_Task brief_. Print the line where "this 2352×1568 image." occurs and every line that follows it in the data below, ending with the last line, precisely as written.

Records from a data collection:
-=-=-=-=-

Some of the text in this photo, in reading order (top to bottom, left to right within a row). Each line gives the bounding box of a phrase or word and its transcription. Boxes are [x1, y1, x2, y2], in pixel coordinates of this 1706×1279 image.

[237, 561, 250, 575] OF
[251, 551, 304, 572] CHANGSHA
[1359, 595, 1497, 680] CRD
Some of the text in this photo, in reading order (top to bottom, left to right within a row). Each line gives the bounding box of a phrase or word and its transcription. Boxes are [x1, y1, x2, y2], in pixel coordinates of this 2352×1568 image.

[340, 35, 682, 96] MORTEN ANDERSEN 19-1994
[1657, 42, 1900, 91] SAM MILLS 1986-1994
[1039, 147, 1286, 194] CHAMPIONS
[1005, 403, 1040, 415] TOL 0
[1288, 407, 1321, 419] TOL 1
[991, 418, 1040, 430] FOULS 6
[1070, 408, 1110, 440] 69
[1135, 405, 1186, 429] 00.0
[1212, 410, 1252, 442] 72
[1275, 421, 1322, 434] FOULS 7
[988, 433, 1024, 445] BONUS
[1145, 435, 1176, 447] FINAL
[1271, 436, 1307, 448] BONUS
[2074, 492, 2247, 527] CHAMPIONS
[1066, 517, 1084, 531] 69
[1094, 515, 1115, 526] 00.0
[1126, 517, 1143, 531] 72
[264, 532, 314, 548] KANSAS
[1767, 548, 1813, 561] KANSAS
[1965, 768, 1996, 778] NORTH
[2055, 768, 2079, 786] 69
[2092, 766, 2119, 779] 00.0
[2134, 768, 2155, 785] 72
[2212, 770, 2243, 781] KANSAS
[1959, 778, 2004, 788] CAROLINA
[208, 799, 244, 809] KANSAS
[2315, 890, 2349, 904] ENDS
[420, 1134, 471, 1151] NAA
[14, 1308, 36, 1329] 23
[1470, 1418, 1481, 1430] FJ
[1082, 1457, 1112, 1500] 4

-=-=-=-=-

_Response to this task_.
Some of the text in this photo, in reading order (top to bottom, left to right within a row). Each line gives the bounding box of a phrase or word and its transcription. Boxes are [x1, y1, x2, y2], in pixel coordinates of this 2352×1568 image.

[340, 35, 682, 96] MORTEN ANDERSEN 19-1994
[1657, 42, 1900, 91] SAM MILLS 1986-1994
[1039, 147, 1286, 194] CHAMPIONS
[1005, 403, 1040, 415] TOL 0
[1288, 407, 1321, 419] TOL 1
[991, 418, 1040, 430] FOULS 6
[1070, 408, 1110, 440] 69
[1135, 405, 1186, 429] 00.0
[1212, 410, 1252, 442] 72
[1275, 421, 1322, 434] FOULS 7
[988, 433, 1024, 445] BONUS
[1145, 435, 1176, 447] FINAL
[1271, 436, 1307, 448] BONUS
[2074, 492, 2247, 527] CHAMPIONS
[1066, 517, 1084, 531] 69
[1094, 515, 1115, 526] 00.0
[1126, 517, 1143, 531] 72
[264, 532, 314, 548] KANSAS
[1767, 548, 1813, 561] KANSAS
[1965, 768, 1996, 778] NORTH
[2055, 768, 2079, 786] 69
[2092, 766, 2119, 779] 00.0
[2134, 768, 2155, 785] 72
[2212, 770, 2243, 781] KANSAS
[1959, 778, 2004, 788] CAROLINA
[208, 799, 244, 809] KANSAS
[2315, 890, 2349, 904] ENDS
[420, 1134, 471, 1151] NAA
[14, 1308, 36, 1329] 23
[1470, 1418, 1481, 1430] FJ
[1082, 1457, 1112, 1500] 4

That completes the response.